UC Irvine

This study investigated the factors that trigger and drive reclassification of DNA variants of uncertain significance (VUS) in genes associated with high and moderate breast cancer risk (HBRGs and MBRGs). We examined 617 VUS reclassifications in 15 genes associated with hereditary breast cancer predisposition performed by a single commercial laboratory from January 2014 to January 2018. Almost 81% of the VUS reclassifications were downgrades, i.e. a VUS reclassified to likely benign (VLB) or benign. However, for VUSs that were reclassified in HBRGs over the study period it was determined that every year the odds of upgrade, i.e. a VUS reclassified to likely pathogenic (VLP) or pathogenic, increased by 68%. These results are significant considering VUS reclassification to pathogenic or VLP can lead to significant medical management changes for patients.

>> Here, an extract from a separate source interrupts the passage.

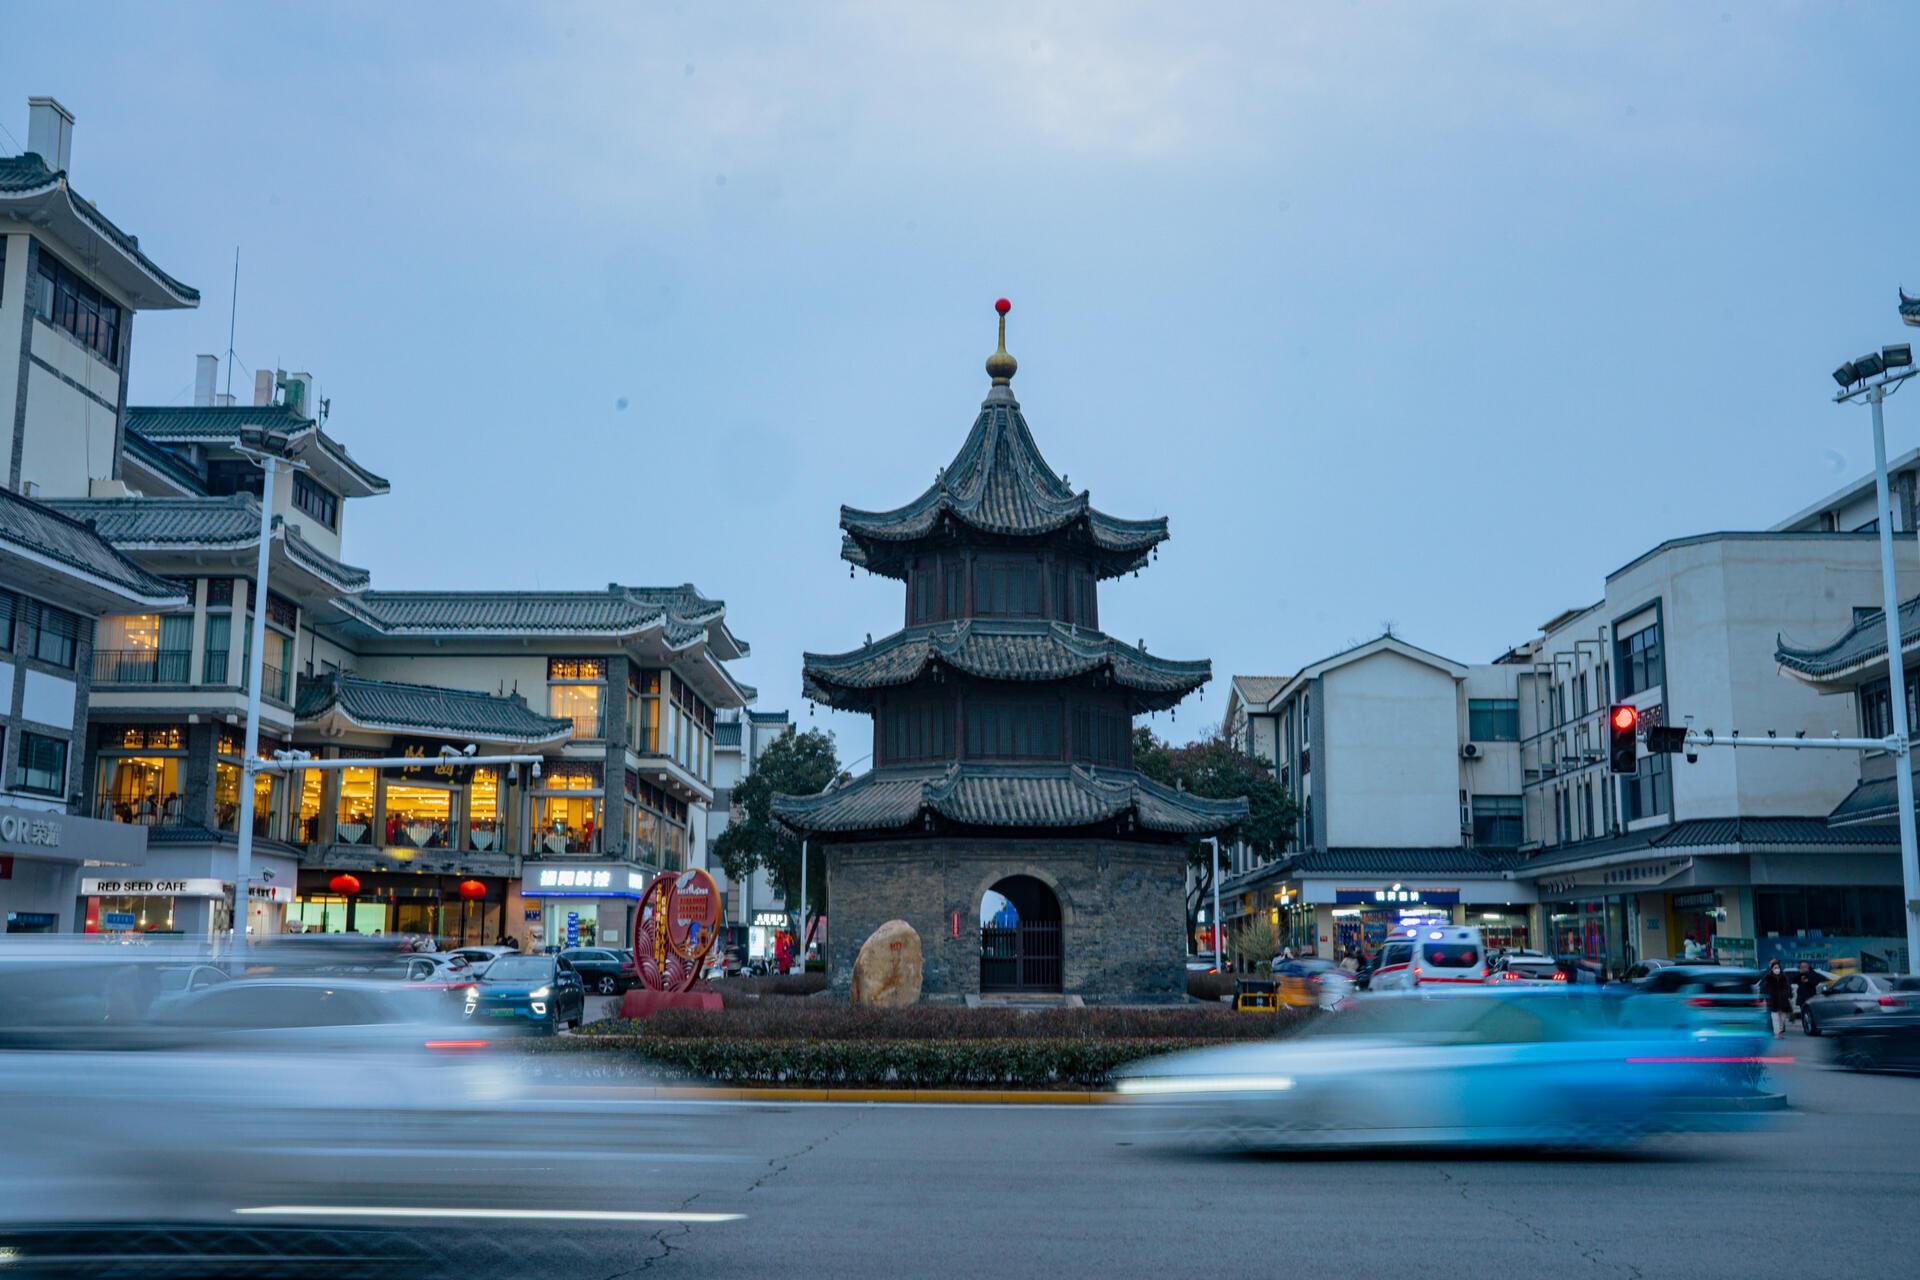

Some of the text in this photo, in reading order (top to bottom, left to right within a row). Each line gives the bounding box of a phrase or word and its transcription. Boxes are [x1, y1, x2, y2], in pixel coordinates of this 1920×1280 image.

Additionally, reclassified variants in HBRGs were more likely to use several lines of evidence (de novo occurrences, computational data, and protein functional assays) more frequently than reclassified variants in MBRGs. There were significant differences seen in evidence used depending on the reclassification direction, i.e. upgrade or downgrade. Availability of new research or data triggered reclassification of VUSs more frequently in HBRGs, but periodic variant review triggered reclassification more frequently in MBRGs. On average variants in HBRGs were reclassified five months sooner than variants in MBRGS. The results of this study support previously published data regarding frequency and direction of VUS reclassification and shed new light on the triggers of and evidence used for variant reclassification in HBRGs and MBRGs.